SECURITIES AND EXCHANGE COMMISSION

Washington, D.C. 20549

 

FORM 8-K

 

Current Report

 

Pursuant to Section 13 or 15(d)

of The Securities Exchange Act of 1934

 

Date of Report (Date of earliest event reported): May 22, 2025

 

MAIA Biotechnology, Inc.

(Exact name of registrant as specified in its charter)

 

Delaware   001-41455   83-1495913
(State or other jurisdiction
of incorporation)
  (Commission
File Number)
  (IRS Employer
Identification No.)

 

444 West Lake Street, Suite 1700
Chicago, IL
  60606
(Address of principal executive offices)   (Zip Code)

 

(312) 416-8592

(Registrant’s telephone number, including area code)

 

Check the appropriate box below if the Form 8-K filing is intended to simultaneously satisfy the filing obligation of the registrant under any of the following provisions:

 

Written communications pursuant to Rule 425 under the Securities Act (17 CFR 230.425)
   
Soliciting material pursuant to Rule 14a-12 under the Exchange Act (17 CFR 240.14a-12)
   
Pre-commencement communications pursuant to Rule 14d-2(b) under the Exchange Act (17 CFR 240.14d-2(b))
   
Pre-commencement communications pursuant to Rule 13e-4(c) under the Exchange Act (17 CFR 240.13e-4(c))

 

Securities registered pursuant to Section 12(b) of the Act:

 

Title of each class   Trading Symbol(s)  

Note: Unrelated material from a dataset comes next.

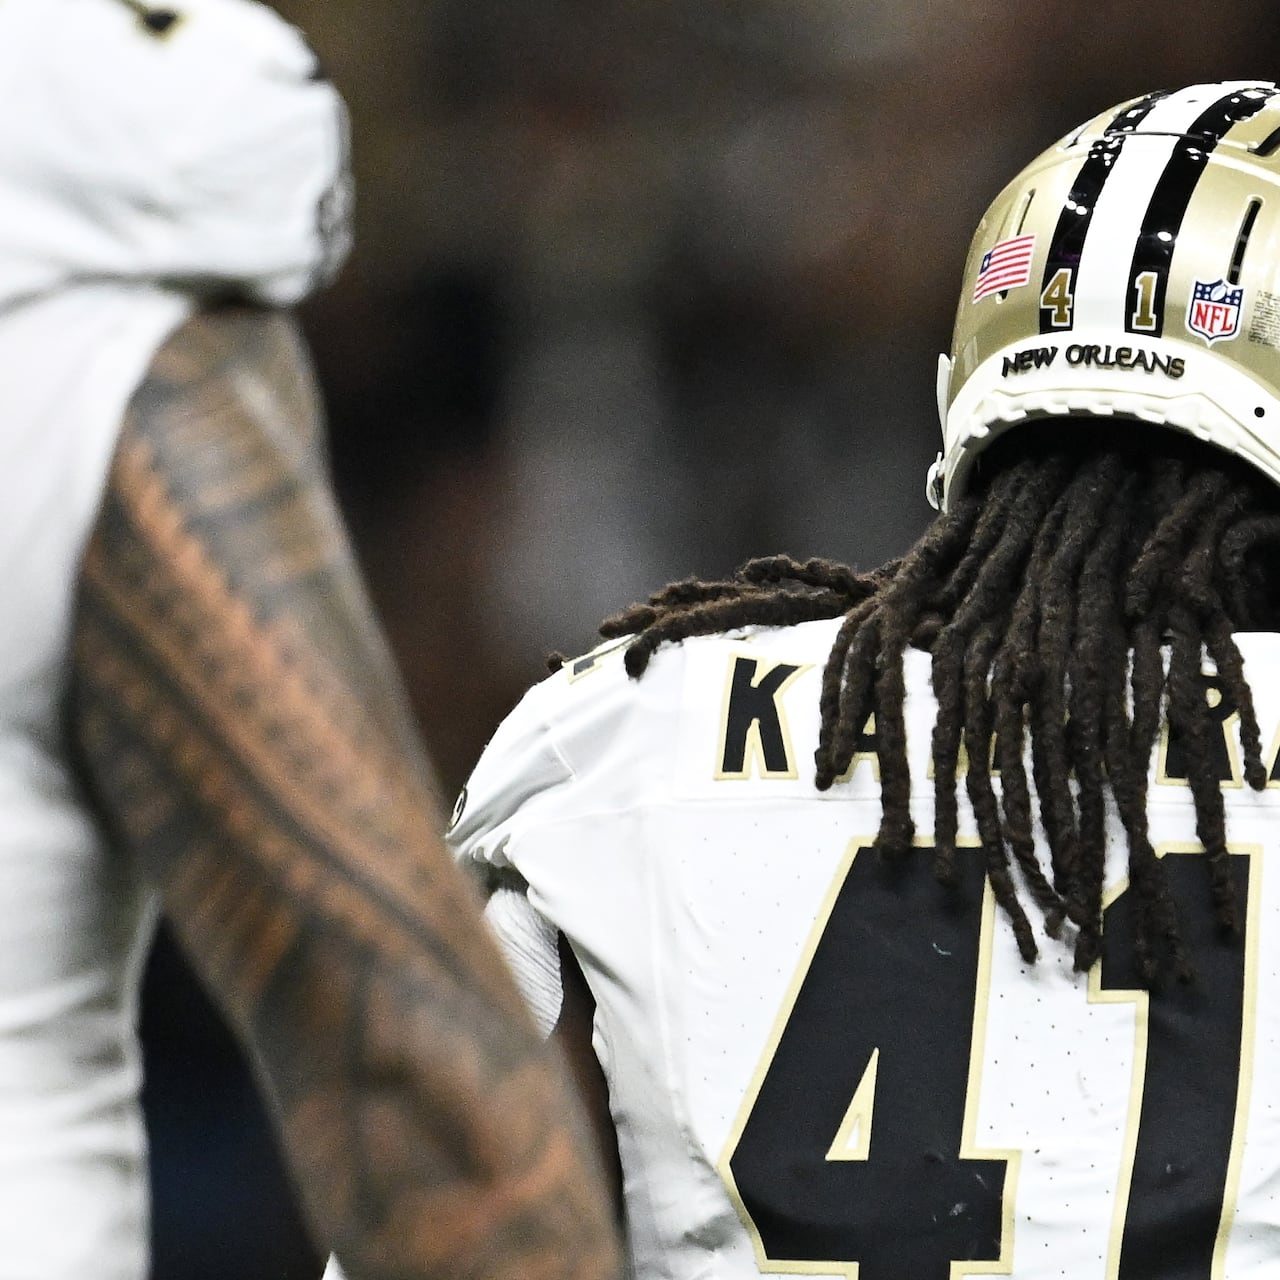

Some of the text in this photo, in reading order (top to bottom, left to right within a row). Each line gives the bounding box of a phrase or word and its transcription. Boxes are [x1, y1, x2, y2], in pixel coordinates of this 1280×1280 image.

[1193, 302, 1234, 334] NFL
[1001, 344, 1186, 380] NEW ORLEANS

Name of each exchange on which registered

Common Stock   MAIA   NYSE American

 

Indicate by check mark whether the registrant is an emerging growth company as defined in Rule 405 of the Securities Act of 1933 (17 CFR §230.405) or Rule 12b-2 of the Securities Exchange Act of 1934 (17 CFR §240.12b-2).

 

Emerging growth company

 

If an emerging growth company, indicate by check mark if the registrant has elected not to use the extended transition period for complying with any new or revised financial accounting standards provided pursuant to Section 13(a) of the Exchange Act.

 

 

 

 

 

 

Item 5.07 Submission of Matters to a Vote of Security Holders.

 

On May 22, 2025, MAIA Biotechnology, Inc. (the “Company”) (NYSE American: MAIA) held its 2025 Annual Meeting of stockholders (the “Annual Meeting”). For more information on the proposals, which are described below, please refer to the Company’s definitive proxy statement, dated April 8, 2025, as filed by the Company with the Securities and Exchange Commission on April 8, 2025.

 

As of the record date of March 24, 2025, there were 29,587,314 shares of the Company’s common stock issued and outstanding and entitled to vote at the Annual Meeting. At the Annual Meeting, there were present, in person or by proxy, shareholders holding an aggregate of 19,822,242 shares of common stock, representing approximately 66.9% of the shares of common stock issued and outstanding and entitled to vote at the Annual Meeting; therefore a quorum was present. The following matters were submitted to a vote of stockholders at the Annual Meeting:

 

1. Election of Directors

 

Stockholders re-elected both of the Company’s Class III nominees for director for three-year terms expiring on the annual meeting of stockholders to be held in 2028 or until their successors are duly elected and qualified. Each of the nominees is currently serving as a member of our board of directors. The voting results were as follows:

 

Directors  For   Withheld   Broker Non-Votes 
Jean-Manassé Theagène   13,774,566    670,727    5,376,949 
Stan V. Smith   13,123,639    1,321,654    5,376,949 

 

2. Ratification of Auditors

 

Stockholders ratified the appointment of Grant Thornton LLP to serve as the Company’s independent registered public accounting firm for the fiscal year ending December 31, 2025. The voting results were as follows:

 

For   Against   Abstain 
 19,151,887    436,639    233,716 

 

3. Authorized Share Increase Proposal

 

Approval of an amendment to the Company’s Amended and Restated Certificate of Incorporation to increase the Company’s authorized common stock from 70,000,000 shares to 150,000,000 shares:

 

For   Against   Abstain 
 16,869,486    2,186,471    766,285 

 

Item 8.01 Other Events.

 

On May 22, 2025, the Company filed a Certificate of Amendment to amend Company’s Amended and Restated Certificate of Incorporation to increase the Company’s authorized common stock from 70,000,000 shares to 150,000,000 shares.

 

A copy of the Certificate of Amendment is attached hereto as Exhibit 3.1 and incorporated by reference herein.

 

Item 9.01. Financial Statements and Exhibits.

 

(d) Exhibits.

 

Exhibit No.   Description
3.1   Certificate of Amendment of the Amended and Restated Certificate of Incorporation of MAIA Biotechnology, Inc.
104   Cover Page Interactive Data File (formatted as inline XBRL).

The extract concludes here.